Task item> The records beneath should be printed exactly, and the pictures are to be left out.

Dataset extract Start Marker

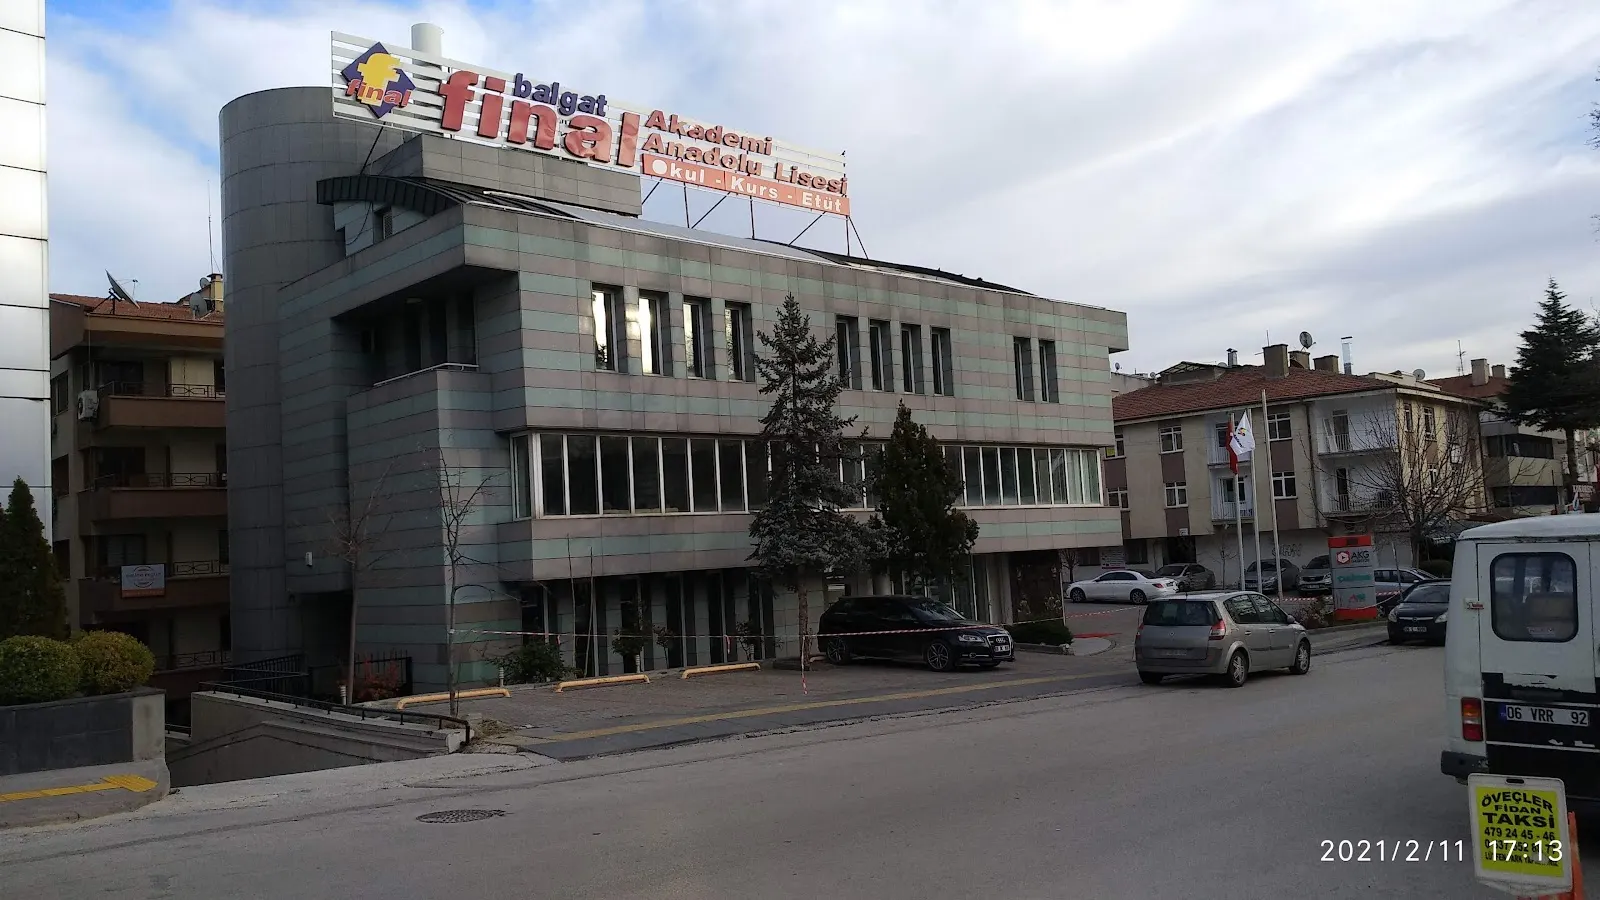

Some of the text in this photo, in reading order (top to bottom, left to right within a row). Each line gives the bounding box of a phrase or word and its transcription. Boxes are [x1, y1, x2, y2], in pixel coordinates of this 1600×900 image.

[345, 78, 412, 107] final
[514, 72, 607, 117] balgat
[438, 70, 640, 167] final
[645, 109, 773, 156] Akademi
[642, 132, 848, 195] Anadolu Lisesi
[652, 159, 704, 183] Okul
[730, 175, 778, 199] Kurs
[802, 192, 842, 213] Etüt
[1351, 550, 1370, 560] AKG
[1507, 706, 1587, 725] 06 VRR 92
[1481, 791, 1554, 814] ÖVEÇLER
[1494, 803, 1541, 815] FİDAN
[1482, 812, 1555, 829] TAKSİ
[1484, 826, 1503, 838] 479
[1505, 828, 1518, 839] 24
[1521, 829, 1534, 840] 45
[1543, 831, 1555, 842] 46
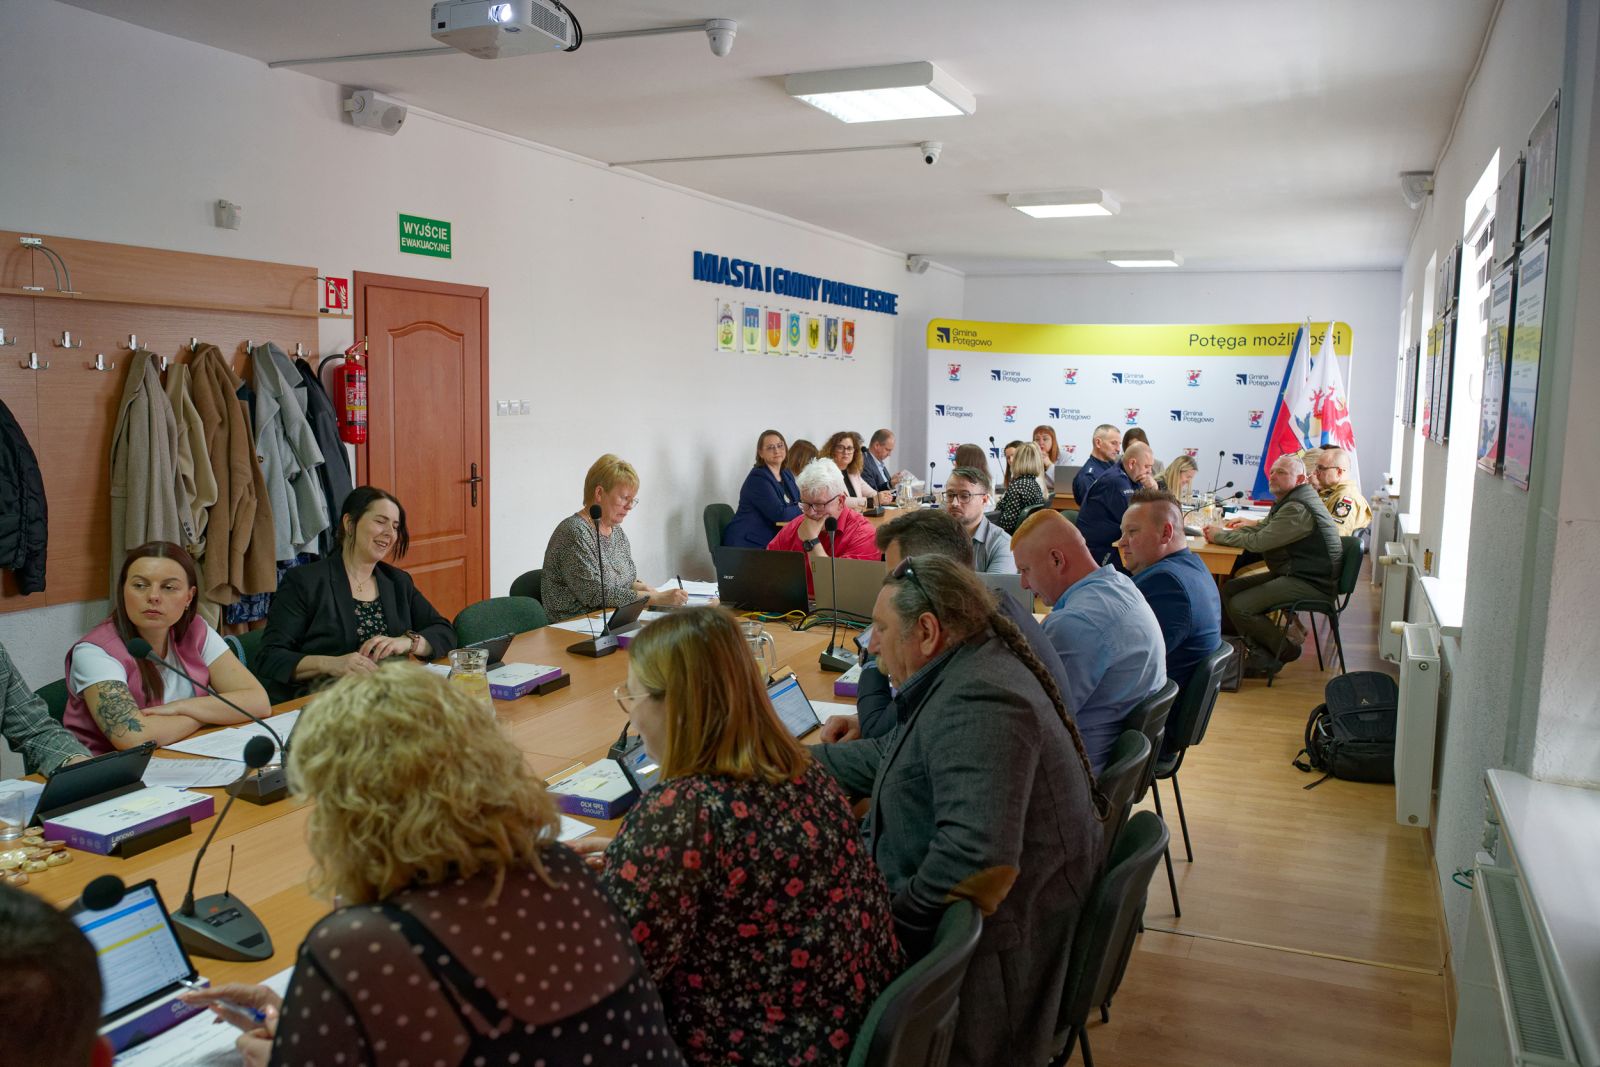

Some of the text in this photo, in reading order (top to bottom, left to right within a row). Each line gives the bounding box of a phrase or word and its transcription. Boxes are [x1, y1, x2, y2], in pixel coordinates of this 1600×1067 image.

[403, 222, 447, 240] WYJŚCIE
[401, 237, 450, 253] EWAKUACYJNE
[693, 250, 764, 291] MIASTA
[765, 266, 772, 293] I
[773, 267, 822, 301] GMINY
[952, 328, 977, 337] Gmina
[952, 336, 993, 347] Potęgowo
[1189, 333, 1247, 350] Potęga
[111, 830, 135, 843] Lenovo
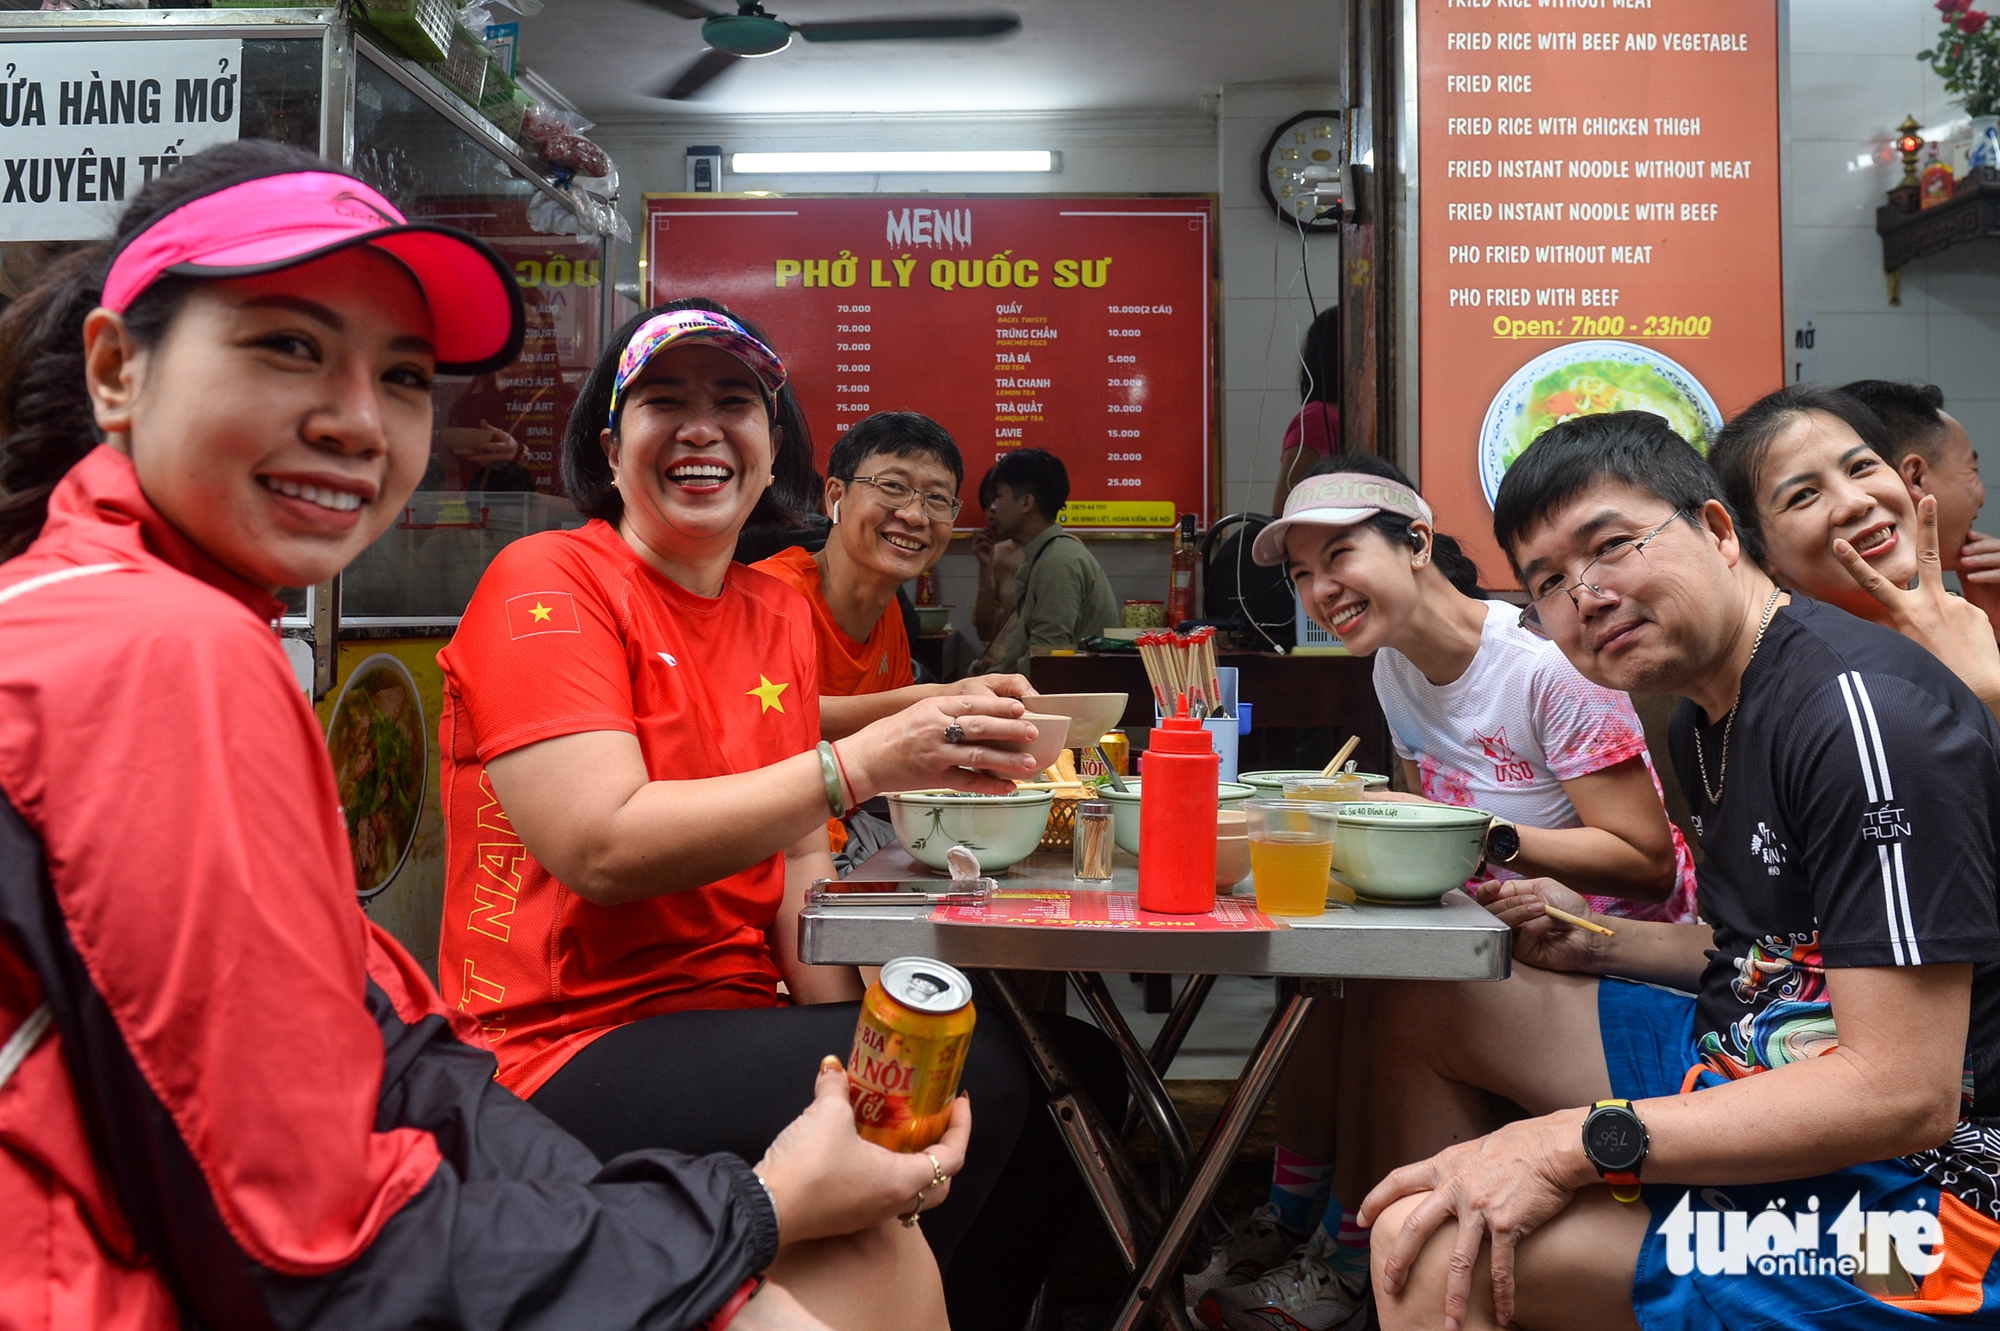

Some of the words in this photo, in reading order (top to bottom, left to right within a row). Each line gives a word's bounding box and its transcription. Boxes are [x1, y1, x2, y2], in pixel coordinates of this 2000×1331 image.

[1447, 33, 1491, 50] FRIED
[1497, 33, 1532, 50] RICE
[1538, 32, 1576, 50] WITH
[1582, 33, 1620, 50] BEEF
[1625, 33, 1657, 51] AND
[1663, 33, 1748, 51] VEGETABLE
[0, 63, 46, 127] ỬA
[59, 71, 161, 125] HÀNG
[175, 58, 238, 123] MỞ
[1447, 75, 1492, 93] FRIED
[1497, 75, 1532, 93] RICE
[1448, 118, 1492, 135] FRIED
[1498, 118, 1532, 135] RICE
[1538, 117, 1577, 135] WITH
[1582, 117, 1649, 136] CHICKEN
[1654, 117, 1701, 136] THIGH
[4, 147, 125, 203] XUYÊN
[1448, 160, 1492, 178] FRIED
[1498, 160, 1563, 178] INSTANT
[1568, 160, 1629, 178] NOODLE
[1635, 160, 1705, 178] WITHOUT
[1710, 161, 1751, 179] MEAT
[1448, 203, 1493, 221] FRIED
[1499, 203, 1563, 221] INSTANT
[1569, 203, 1630, 221] NOODLE
[1635, 203, 1675, 221] WITH
[1680, 204, 1719, 221] BEEF
[886, 208, 972, 250] MENU
[1449, 245, 1480, 264] PHO
[1486, 246, 1531, 264] FRIED
[1535, 245, 1606, 264] WITHOUT
[1611, 246, 1652, 264] MEAT
[775, 250, 859, 288] PHỞ
[870, 254, 917, 287] LÝ
[930, 250, 1040, 291] QUỐC
[1052, 257, 1113, 288] SƯ
[1449, 288, 1481, 306] PHO
[1486, 289, 1531, 306] FRIED
[1536, 288, 1575, 306] WITH
[1581, 289, 1620, 306] BEEF
[837, 305, 871, 313] 70.000
[1108, 305, 1151, 315] 10.000(2
[1108, 329, 1141, 337] 10.000
[1493, 316, 1563, 339] Open:
[1569, 316, 1626, 336] 7h00
[1643, 316, 1712, 336] 23h00
[996, 352, 1016, 363] TRÀ
[1017, 352, 1032, 363] ĐÁ
[1108, 355, 1136, 363] 5.000
[995, 377, 1016, 388] TRÀ
[1017, 378, 1051, 388] CHANH
[1108, 379, 1142, 387] 20.000
[995, 401, 1016, 413] TRÀ
[1108, 405, 1142, 413] 20.000
[995, 428, 1022, 438] LAVIE
[1108, 430, 1140, 438] 15.000
[1108, 453, 1142, 461] 20.000
[1108, 478, 1141, 486] 25.000
[1864, 804, 1905, 825] TẾT
[1862, 822, 1912, 840] RUN
[862, 1027, 885, 1054] BIA
[862, 1060, 916, 1096] NỘI

Dataset extract End Marker

Answer to the exercise>
Some of the text in this photo, in reading order (top to bottom, left to right within a row). Each line gives the bounding box of a phrase or word and its transcription. Boxes are [x1, y1, x2, y2], in pixel coordinates of this 1600×900 image.

[345, 78, 412, 107] final
[514, 72, 607, 117] balgat
[438, 70, 640, 167] final
[645, 109, 773, 156] Akademi
[642, 132, 848, 195] Anadolu Lisesi
[652, 159, 704, 183] Okul
[730, 175, 778, 199] Kurs
[802, 192, 842, 213] Etüt
[1351, 550, 1370, 560] AKG
[1507, 706, 1587, 725] 06 VRR 92
[1481, 791, 1554, 814] ÖVEÇLER
[1494, 803, 1541, 815] FİDAN
[1482, 812, 1555, 829] TAKSİ
[1484, 826, 1503, 838] 479
[1505, 828, 1518, 839] 24
[1521, 829, 1534, 840] 45
[1543, 831, 1555, 842] 46

Some of the text in this photo, in reading order (top to bottom, left to right within a row). Each line gives the bounding box of a phrase or word and its transcription. Boxes are [x1, y1, x2, y2], in pixel coordinates of this 1600×1067 image.

[403, 222, 447, 240] WYJŚCIE
[401, 237, 450, 253] EWAKUACYJNE
[693, 250, 764, 291] MIASTA
[765, 266, 772, 293] I
[773, 267, 822, 301] GMINY
[952, 328, 977, 337] Gmina
[952, 336, 993, 347] Potęgowo
[1189, 333, 1247, 350] Potęga
[111, 830, 135, 843] Lenovo

Some of the words in this photo, in reading order (top to bottom, left to right within a row). Each line gives a word's bounding box and its transcription. Boxes are [x1, y1, x2, y2], in pixel coordinates of this 2000×1331 image.

[1447, 33, 1491, 50] FRIED
[1497, 33, 1532, 50] RICE
[1538, 32, 1576, 50] WITH
[1582, 33, 1620, 50] BEEF
[1625, 33, 1657, 51] AND
[1663, 33, 1748, 51] VEGETABLE
[0, 63, 46, 127] ỬA
[59, 71, 161, 125] HÀNG
[175, 58, 238, 123] MỞ
[1447, 75, 1492, 93] FRIED
[1497, 75, 1532, 93] RICE
[1448, 118, 1492, 135] FRIED
[1498, 118, 1532, 135] RICE
[1538, 117, 1577, 135] WITH
[1582, 117, 1649, 136] CHICKEN
[1654, 117, 1701, 136] THIGH
[4, 147, 125, 203] XUYÊN
[1448, 160, 1492, 178] FRIED
[1498, 160, 1563, 178] INSTANT
[1568, 160, 1629, 178] NOODLE
[1635, 160, 1705, 178] WITHOUT
[1710, 161, 1751, 179] MEAT
[1448, 203, 1493, 221] FRIED
[1499, 203, 1563, 221] INSTANT
[1569, 203, 1630, 221] NOODLE
[1635, 203, 1675, 221] WITH
[1680, 204, 1719, 221] BEEF
[886, 208, 972, 250] MENU
[1449, 245, 1480, 264] PHO
[1486, 246, 1531, 264] FRIED
[1535, 245, 1606, 264] WITHOUT
[1611, 246, 1652, 264] MEAT
[775, 250, 859, 288] PHỞ
[870, 254, 917, 287] LÝ
[930, 250, 1040, 291] QUỐC
[1052, 257, 1113, 288] SƯ
[1449, 288, 1481, 306] PHO
[1486, 289, 1531, 306] FRIED
[1536, 288, 1575, 306] WITH
[1581, 289, 1620, 306] BEEF
[837, 305, 871, 313] 70.000
[1108, 305, 1151, 315] 10.000(2
[1108, 329, 1141, 337] 10.000
[1493, 316, 1563, 339] Open:
[1569, 316, 1626, 336] 7h00
[1643, 316, 1712, 336] 23h00
[996, 352, 1016, 363] TRÀ
[1017, 352, 1032, 363] ĐÁ
[1108, 355, 1136, 363] 5.000
[995, 377, 1016, 388] TRÀ
[1017, 378, 1051, 388] CHANH
[1108, 379, 1142, 387] 20.000
[995, 401, 1016, 413] TRÀ
[1108, 405, 1142, 413] 20.000
[995, 428, 1022, 438] LAVIE
[1108, 430, 1140, 438] 15.000
[1108, 453, 1142, 461] 20.000
[1108, 478, 1141, 486] 25.000
[1864, 804, 1905, 825] TẾT
[1862, 822, 1912, 840] RUN
[862, 1027, 885, 1054] BIA
[862, 1060, 916, 1096] NỘI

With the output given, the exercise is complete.